Nail Beširović

Personal information
- Full name: Nail Beširović
- Date of birth: 22 July 1967 (age 58)
- Place of birth: Sarajevo, SR Bosnia and Herzegovina, SFR Yugoslavia
- Height: 1.69 m (5 ft 6+1⁄2 in)
- Position(s): Midfielder

Senior career*
- Years: Team / Apps / (Gls)
- 1987–1991: Sloboda Tuzla / 101 / (9)
- 1992: Estrela Amadora / 18 / (1)
- 1992–1994: Académico Viseu / 66 / (7)
- 1994–1995: Académica Coimbra / 27 / (2)
- 1995–1997: Espinho / 65 / (6)
- 1997–2001: Farense / 102 / (3)
- 2001–2003: Leixões / 55 / (4)
- 2003–2004: GD Beira-Mar
- Total:  / 434 / (32)

International career
- 1998: Bosnia and Herzegovina / 1 / (0)

= Nail Beširović =

Bosnian footballer (born 1967)

Nail Beširović (born 22 July 1967) is a Bosnian retired footballer who played as a midfielder.

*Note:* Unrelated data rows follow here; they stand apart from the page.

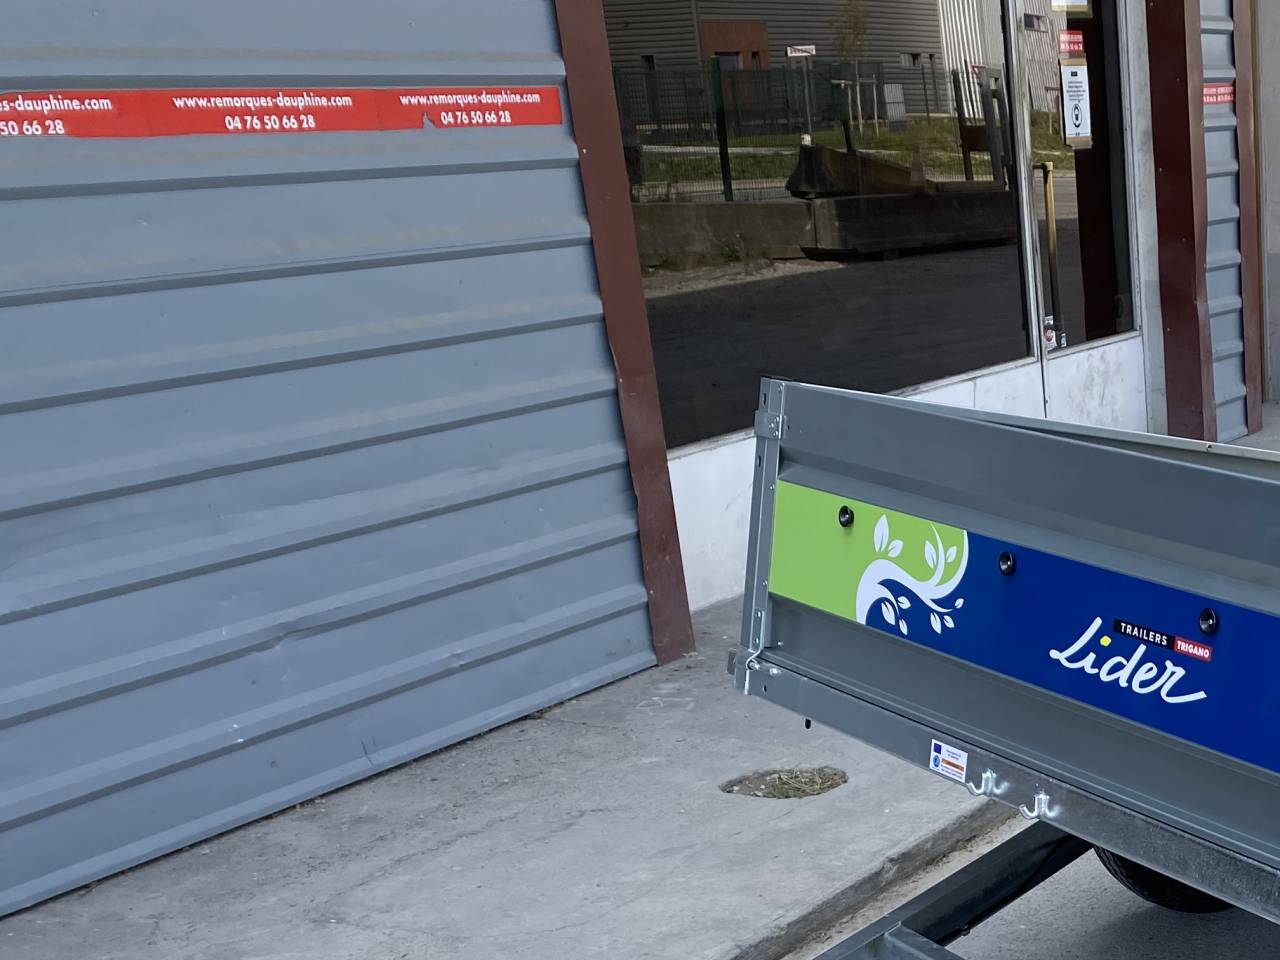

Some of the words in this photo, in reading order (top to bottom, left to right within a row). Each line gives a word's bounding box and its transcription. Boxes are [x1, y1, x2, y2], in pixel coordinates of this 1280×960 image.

[172, 91, 353, 111] www.remorques-dauphine.com
[399, 90, 541, 107] www.remorques-dauphine.com
[224, 115, 242, 130] 04
[244, 115, 261, 129] 76
[264, 115, 280, 129] 50
[282, 115, 299, 129] 66
[301, 114, 316, 128] 28
[440, 111, 454, 125] 04
[455, 111, 469, 124] 76
[471, 111, 483, 123] 50
[484, 111, 498, 123] 66
[499, 110, 511, 123] 28
[22, 120, 42, 135] 66
[44, 119, 65, 134] 28
[1120, 622, 1168, 646] TRAILERS
[1176, 640, 1210, 659] TRIGANO
[1049, 616, 1208, 704] Lider

He spent the better part of his 16-year professional career in Portugal, representing six clubs.

==Club career==
Born in Sarajevo, SR Bosnia and Herzegovina, Socialist Federal Republic of Yugoslavia, Beširović began his career with FK Sloboda Tuzla. In January 1992 he moved to Portugal, where he remained until the end of his playing days twelve years later.

In that country Beširović represented S.C. Espinho and S.C. Farense in the Primeira Liga, and C.F. Estrela da Amadora, Académico de Viseu FC, Académica de Coimbra and Espinho in the second division, amassing totals in the former competition of 134 games and seven goals over the course of five seasons. He retired at the age of nearly 37 after a spell with amateurs Grupo Desportivo Beira-Mar, in Monte Gordo (Vila Real do Santo António).

==International career==
Beširović made one appearance for the Bosnia and Herzegovina national team, a June 1998 friendly match away against Macedonia in which he came on as a late substitute for Senad Repuh.

==Personal life==
Beširević's son Dino Beširović was born in Viseu, Portugal and is also a professional footballer.